* Exercise description *
Without any pictures, copy the records below once more, exactly as they are.

* Provided records *
----------------
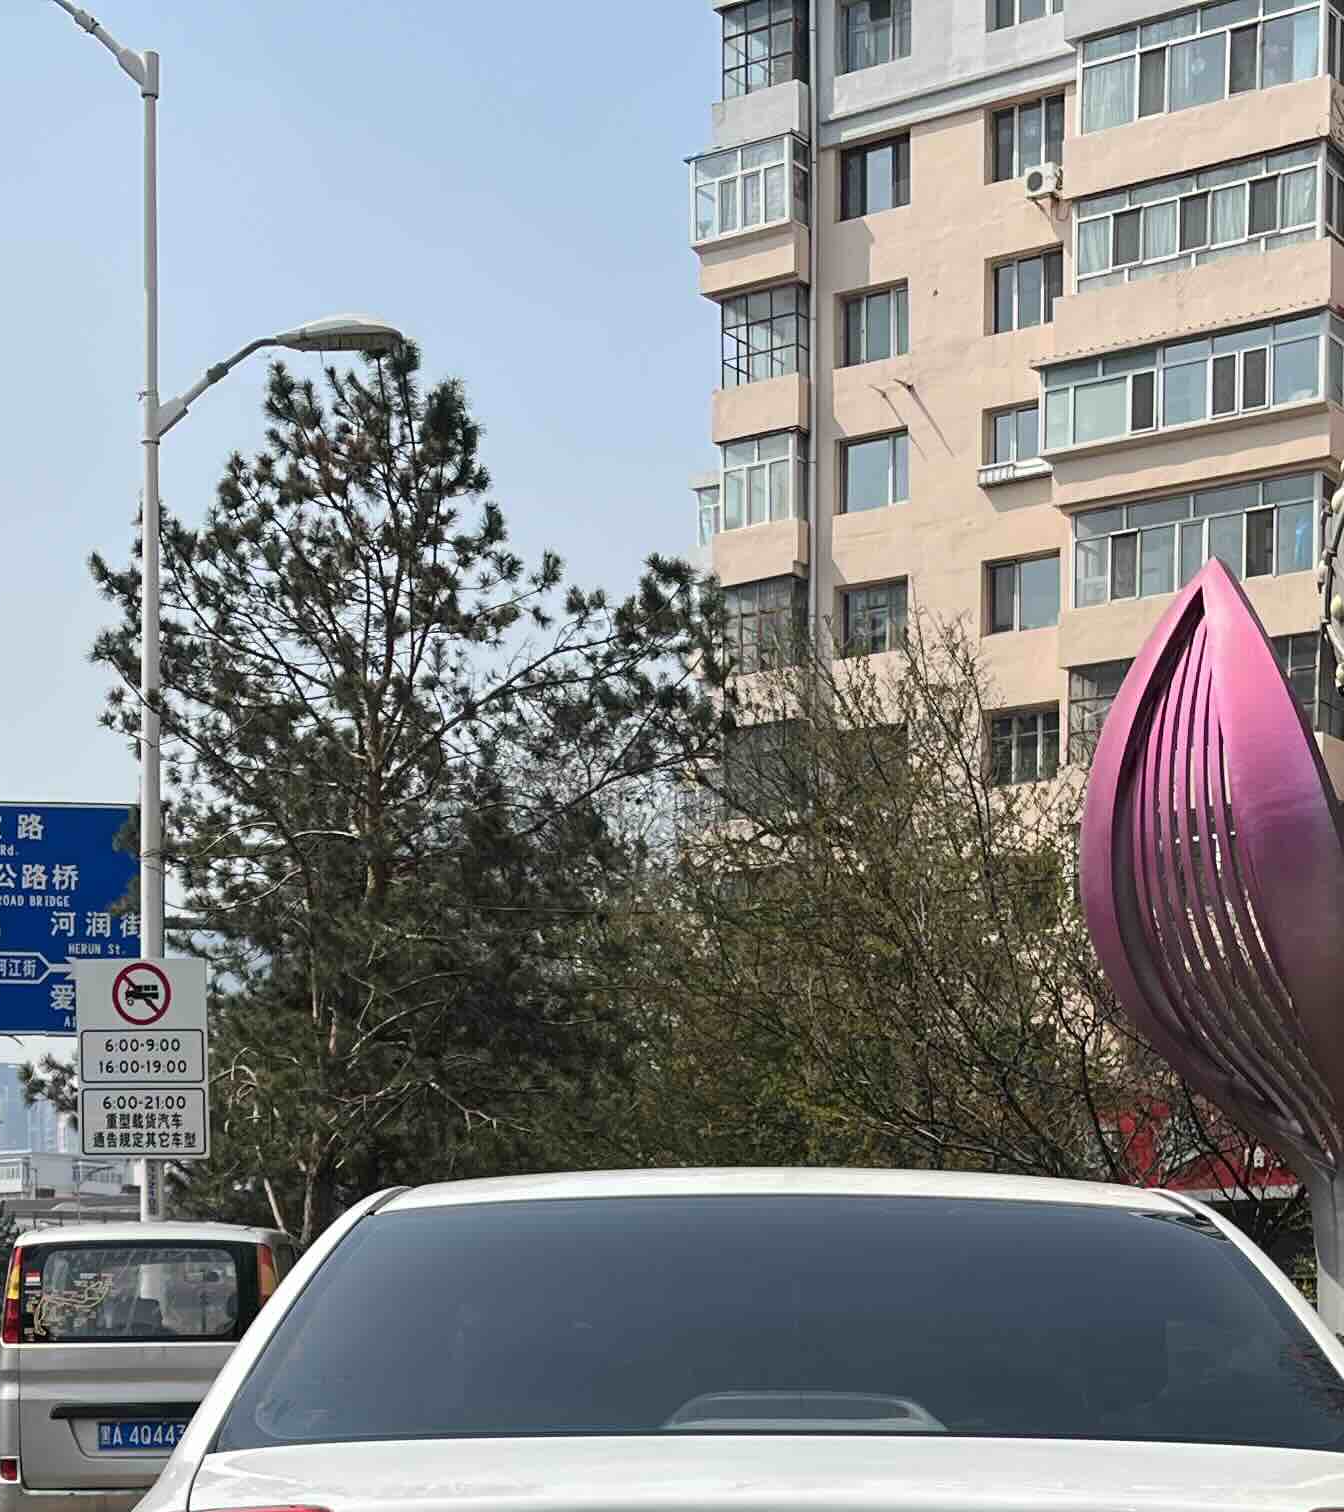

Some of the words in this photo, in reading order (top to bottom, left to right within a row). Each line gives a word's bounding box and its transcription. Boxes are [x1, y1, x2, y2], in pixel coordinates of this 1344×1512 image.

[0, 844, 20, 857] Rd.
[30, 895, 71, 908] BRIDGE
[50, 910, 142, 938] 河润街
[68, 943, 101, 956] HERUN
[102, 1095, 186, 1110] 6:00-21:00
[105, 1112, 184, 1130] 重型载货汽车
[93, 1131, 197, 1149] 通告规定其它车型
----------------
* Answer to the exercise *
Some of the words in this photo, in reading order (top to bottom, left to right within a row). Each line gives a word's bounding box and its transcription. Boxes are [x1, y1, x2, y2], in pixel coordinates of this 1344×1512 image.

[0, 844, 20, 857] Rd.
[30, 895, 71, 908] BRIDGE
[50, 910, 142, 938] 河润街
[68, 943, 101, 956] HERUN
[102, 1095, 186, 1110] 6:00-21:00
[105, 1112, 184, 1130] 重型载货汽车
[93, 1131, 197, 1149] 通告规定其它车型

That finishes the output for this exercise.